◆ EXERCISE PROMPT
For this exercise, the reply is the listing below, reproduced exactly.

*** Opening TASK MATERIAL ***

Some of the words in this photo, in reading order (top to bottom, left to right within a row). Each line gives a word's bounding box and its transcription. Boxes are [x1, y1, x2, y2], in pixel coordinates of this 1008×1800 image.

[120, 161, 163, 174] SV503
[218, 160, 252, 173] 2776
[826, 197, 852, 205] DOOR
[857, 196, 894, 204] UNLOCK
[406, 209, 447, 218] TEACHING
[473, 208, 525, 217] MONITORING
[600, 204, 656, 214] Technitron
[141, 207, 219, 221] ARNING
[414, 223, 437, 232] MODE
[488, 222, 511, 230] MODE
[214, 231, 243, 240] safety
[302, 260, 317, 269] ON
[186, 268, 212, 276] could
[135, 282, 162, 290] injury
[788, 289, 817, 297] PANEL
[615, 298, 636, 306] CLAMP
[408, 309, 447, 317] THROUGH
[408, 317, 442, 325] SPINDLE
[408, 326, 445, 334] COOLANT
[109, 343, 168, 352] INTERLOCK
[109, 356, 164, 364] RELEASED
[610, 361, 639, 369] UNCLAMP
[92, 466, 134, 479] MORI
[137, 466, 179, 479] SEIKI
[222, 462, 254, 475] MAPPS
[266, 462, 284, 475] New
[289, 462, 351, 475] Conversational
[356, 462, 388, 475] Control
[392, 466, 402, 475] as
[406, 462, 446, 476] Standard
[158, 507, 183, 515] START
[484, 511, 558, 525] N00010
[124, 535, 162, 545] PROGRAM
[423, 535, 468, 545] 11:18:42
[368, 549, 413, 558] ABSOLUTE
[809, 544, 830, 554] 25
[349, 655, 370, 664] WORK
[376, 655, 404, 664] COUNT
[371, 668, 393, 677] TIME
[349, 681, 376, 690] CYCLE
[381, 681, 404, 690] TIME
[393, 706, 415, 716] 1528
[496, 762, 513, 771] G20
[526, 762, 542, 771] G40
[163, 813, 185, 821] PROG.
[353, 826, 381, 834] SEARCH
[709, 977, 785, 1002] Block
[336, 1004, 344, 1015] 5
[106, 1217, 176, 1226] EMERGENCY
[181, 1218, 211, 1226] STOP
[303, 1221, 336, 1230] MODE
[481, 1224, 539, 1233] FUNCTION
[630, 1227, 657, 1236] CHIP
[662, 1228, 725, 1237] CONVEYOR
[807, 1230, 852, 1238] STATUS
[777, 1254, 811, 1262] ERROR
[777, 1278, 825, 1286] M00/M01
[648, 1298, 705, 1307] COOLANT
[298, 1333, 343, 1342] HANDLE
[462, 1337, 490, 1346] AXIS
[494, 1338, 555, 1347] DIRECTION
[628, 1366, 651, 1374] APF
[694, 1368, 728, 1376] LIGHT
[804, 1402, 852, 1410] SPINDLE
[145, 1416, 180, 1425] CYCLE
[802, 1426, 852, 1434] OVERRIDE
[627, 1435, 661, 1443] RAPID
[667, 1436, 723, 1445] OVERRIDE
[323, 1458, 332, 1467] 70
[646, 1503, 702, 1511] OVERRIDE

*** Closing TASK MATERIAL ***

◆ RESPONSE BELOW
Some of the words in this photo, in reading order (top to bottom, left to right within a row). Each line gives a word's bounding box and its transcription. Boxes are [x1, y1, x2, y2], in pixel coordinates of this 1008×1800 image.

[120, 161, 163, 174] SV503
[218, 160, 252, 173] 2776
[826, 197, 852, 205] DOOR
[857, 196, 894, 204] UNLOCK
[406, 209, 447, 218] TEACHING
[473, 208, 525, 217] MONITORING
[600, 204, 656, 214] Technitron
[141, 207, 219, 221] ARNING
[414, 223, 437, 232] MODE
[488, 222, 511, 230] MODE
[214, 231, 243, 240] safety
[302, 260, 317, 269] ON
[186, 268, 212, 276] could
[135, 282, 162, 290] injury
[788, 289, 817, 297] PANEL
[615, 298, 636, 306] CLAMP
[408, 309, 447, 317] THROUGH
[408, 317, 442, 325] SPINDLE
[408, 326, 445, 334] COOLANT
[109, 343, 168, 352] INTERLOCK
[109, 356, 164, 364] RELEASED
[610, 361, 639, 369] UNCLAMP
[92, 466, 134, 479] MORI
[137, 466, 179, 479] SEIKI
[222, 462, 254, 475] MAPPS
[266, 462, 284, 475] New
[289, 462, 351, 475] Conversational
[356, 462, 388, 475] Control
[392, 466, 402, 475] as
[406, 462, 446, 476] Standard
[158, 507, 183, 515] START
[484, 511, 558, 525] N00010
[124, 535, 162, 545] PROGRAM
[423, 535, 468, 545] 11:18:42
[368, 549, 413, 558] ABSOLUTE
[809, 544, 830, 554] 25
[349, 655, 370, 664] WORK
[376, 655, 404, 664] COUNT
[371, 668, 393, 677] TIME
[349, 681, 376, 690] CYCLE
[381, 681, 404, 690] TIME
[393, 706, 415, 716] 1528
[496, 762, 513, 771] G20
[526, 762, 542, 771] G40
[163, 813, 185, 821] PROG.
[353, 826, 381, 834] SEARCH
[709, 977, 785, 1002] Block
[336, 1004, 344, 1015] 5
[106, 1217, 176, 1226] EMERGENCY
[181, 1218, 211, 1226] STOP
[303, 1221, 336, 1230] MODE
[481, 1224, 539, 1233] FUNCTION
[630, 1227, 657, 1236] CHIP
[662, 1228, 725, 1237] CONVEYOR
[807, 1230, 852, 1238] STATUS
[777, 1254, 811, 1262] ERROR
[777, 1278, 825, 1286] M00/M01
[648, 1298, 705, 1307] COOLANT
[298, 1333, 343, 1342] HANDLE
[462, 1337, 490, 1346] AXIS
[494, 1338, 555, 1347] DIRECTION
[628, 1366, 651, 1374] APF
[694, 1368, 728, 1376] LIGHT
[804, 1402, 852, 1410] SPINDLE
[145, 1416, 180, 1425] CYCLE
[802, 1426, 852, 1434] OVERRIDE
[627, 1435, 661, 1443] RAPID
[667, 1436, 723, 1445] OVERRIDE
[323, 1458, 332, 1467] 70
[646, 1503, 702, 1511] OVERRIDE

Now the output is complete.